Park Shopping Brasília is a shopping center located in the Sector of Southwest Isolated Areas (SAISO), in the administrative region of Guará, in the Federal District, Brazil. It was inaugurated on November 8, 1983, being the 2nd shopping center to be inaugurated in the Federal District after Conjunto Nacional, and located on the road between Guará and Brasília, near the Interstate Bus Station of Brasília.

It has 242 stores, including nine anchors (C & A, Fnac, Lojas Americanas, Riachuelo, Renner, Zara, Hot Zone, complex bowling Park Bowling and cinema complex ParkPlex group Severiano Ribeiro group and Paris Filmes), and five mega-stores (Ponto Frio, Livraria Siciliano, Centaur, Outback and Siberian). It has 264 shops, 03 floors, 12 escalators, 03 elevators, 2761 parking spaces and 11 cinemas. The consumer traffic is 13.9 million people a year.
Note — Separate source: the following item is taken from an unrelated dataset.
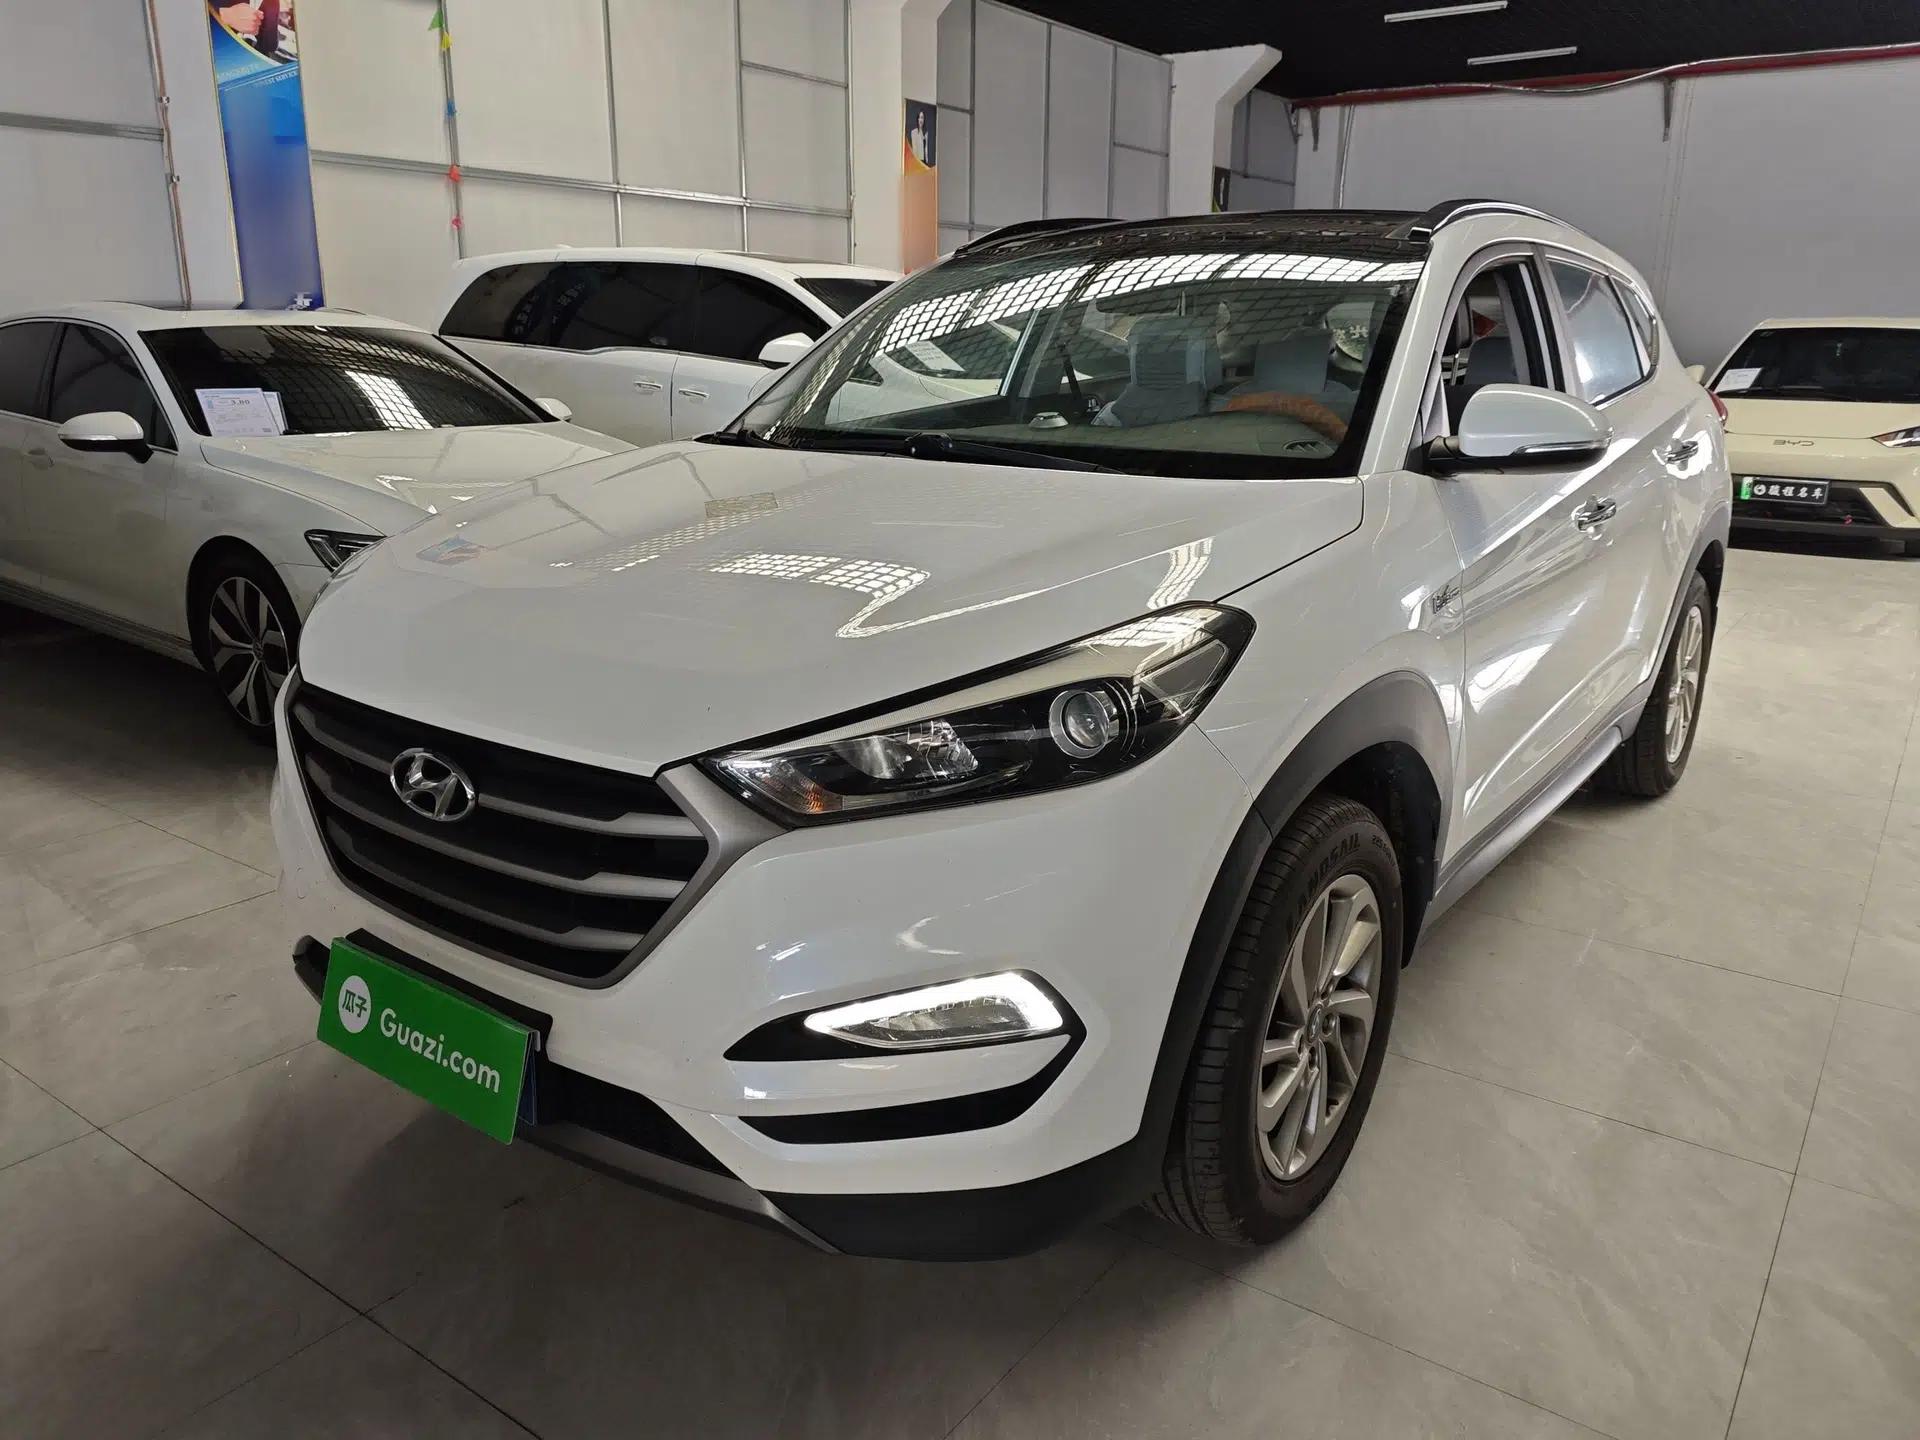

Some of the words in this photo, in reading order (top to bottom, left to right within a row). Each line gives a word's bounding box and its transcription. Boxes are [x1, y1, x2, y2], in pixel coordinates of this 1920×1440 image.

[1773, 439, 1815, 447] BYD
[342, 988, 368, 1019] 瓜子
[379, 1007, 501, 1093] Guazi.com
The mall is set to have a R$221 million expansion to be concluded by 2026.

==Expansions==
- October/2008 - Fashion area with 22 stores
- November/2008 - New food court with 8 new restaurants
- June/2009 - 82 stores of various segments
- October/2009 - New parking lot

== Transit ==

ParkShopping is served by the Federal District Metro's Shopping Station, which gives direct access to the mall via a suspended walkway as well as the Interstate Bus Station.